A marca alcançou o mais alto valor de empresa nacional ao criar propagandas que
colocam os brasileiros como privilegiados por terem um produto de qualidade, bonito,
sofisticados e mais barato que o mesmo material na Europa. Este conceito favorece a
criação de uma identidade nacional, especialmente por fortalecer a idéia de que quando se
vai ao exterior, encontrar pessoas com as sandálias, significa, em certa medida, encontrar
a nossa cultura.
6. Conclusão
Diversas formas de marketing cultural podem ser utilizadas: Ao patrocinar um show, por
exemplo, uma empresa pode não só associar sua marca àquele tipo de música e público
como pode também oferecer amostras de produto (promoção); distribuir ingressos para os
seus funcionários (endomarketing); eleger um dia exclusivo para convidados especiais
(marketing de relacionamento); enviar mala-direta aos consumidores/clientes informando
que o show está acontecendo e é patrocinado pela empresa (marketing direto); mostrar o
artista consumindo o produto durante o show (merchandising); levantar informações
gerais sobre o consumidor por meio de pesquisas feitas no local (database marketing);
fazer uma publicação sobre o evento (marketing editorial); realizar uma campanha
específica destacando a importância do patrocínio (publicidade) e muitas outras ações
paralelas que têm o poder de ampliar o raio de alcance da ação de marketing cultural.

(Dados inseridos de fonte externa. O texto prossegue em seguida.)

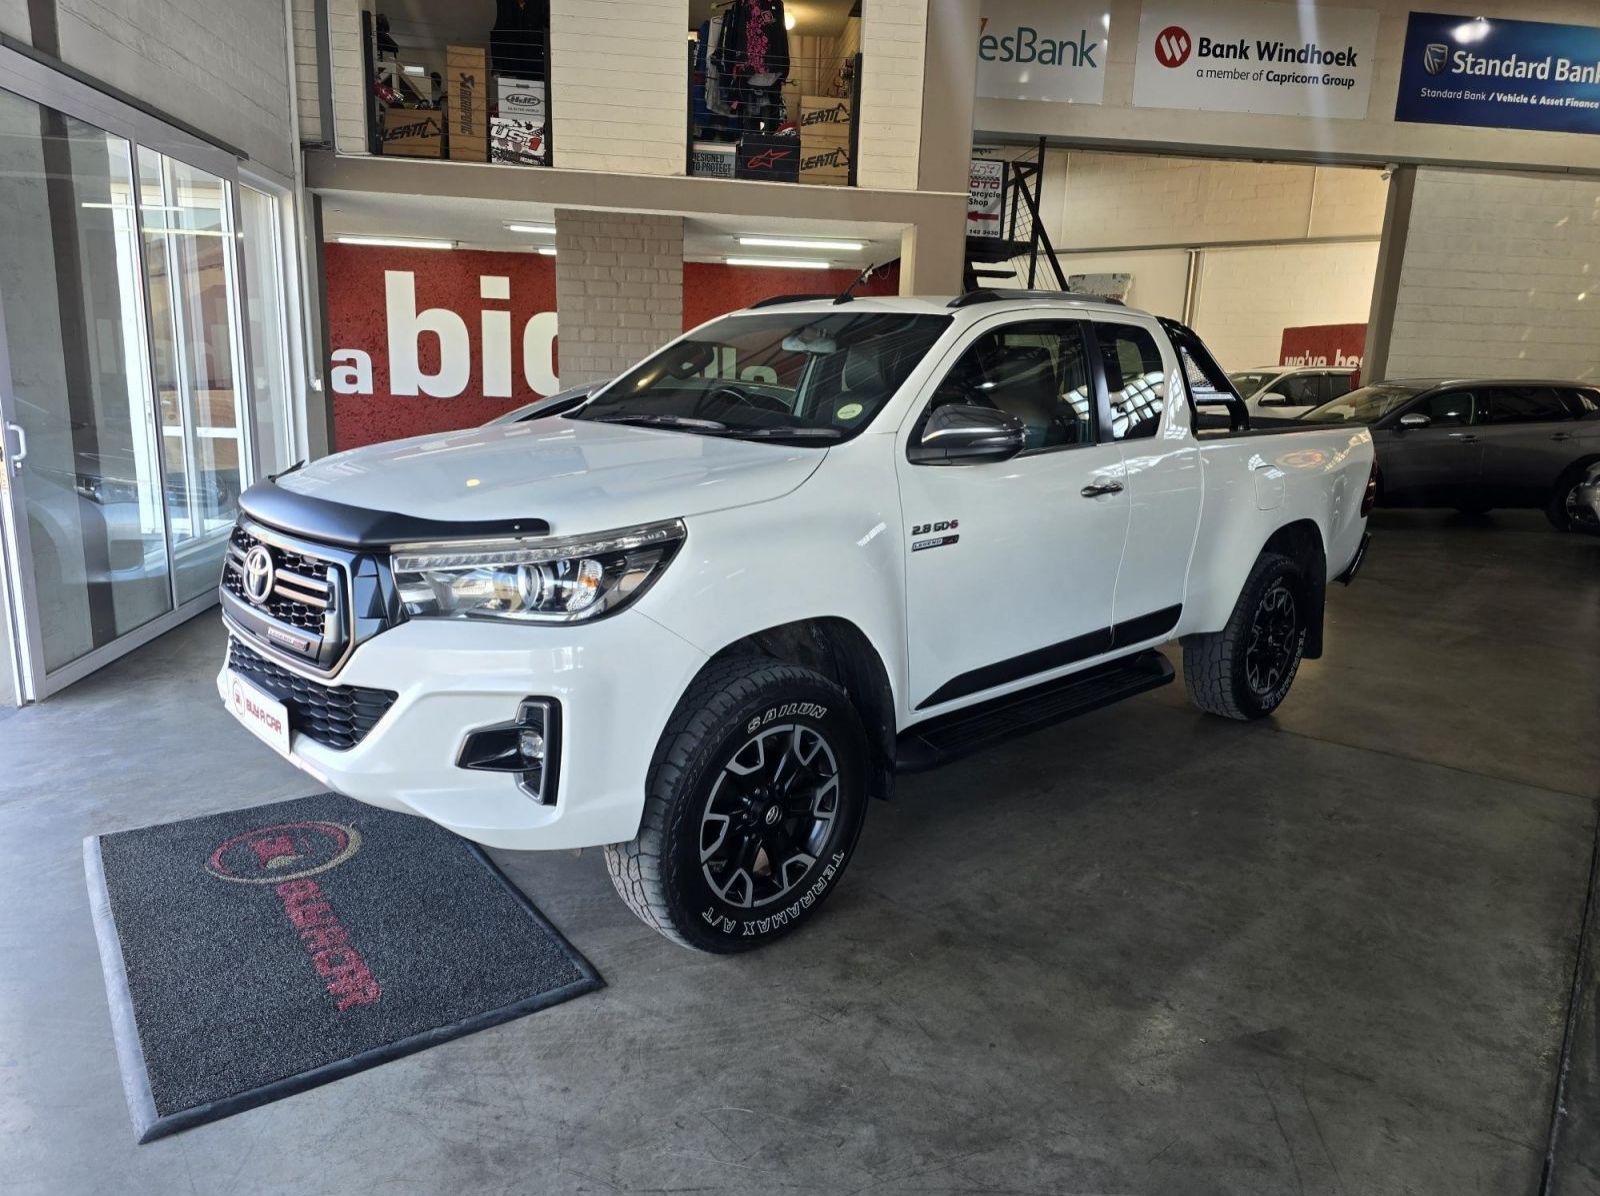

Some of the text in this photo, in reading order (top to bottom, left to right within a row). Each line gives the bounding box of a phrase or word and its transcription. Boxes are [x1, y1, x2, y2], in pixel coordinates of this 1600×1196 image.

Porém, o que foi discutido neste capítulo trata-se de um diferente posicionamento do
marketing cultural. Todos os elementos citados acima compõem ações de marketing
conhecidas, mas devemos considerá-los como ferramentas e não como posicionamento
estratégico de uma marca ou empresa. Ou seja, conhecer os instrumentos e meios é
importante, mas tratando-se do marketing cultural, um planejamento eficiente de inserção
no mercado significa fortalecer a identificação gerada pelo produto ou serviço com o
consumidor. A valorização do aspecto imaterial neste caso pode ser tão fundamental para
um produto quanto a eficiência de seu processo produtivo.
O marketing cultural deve valorizar a esfera local e buscar diferenciação, consciente de
que isso não gera somente beneficios econômicos. Relendo seus patrimônios, grupos
retomam a sensação de pertencimento ao território e à comunidade e a vontade de buscar
o desenvolvimento socio-economico destas regiões.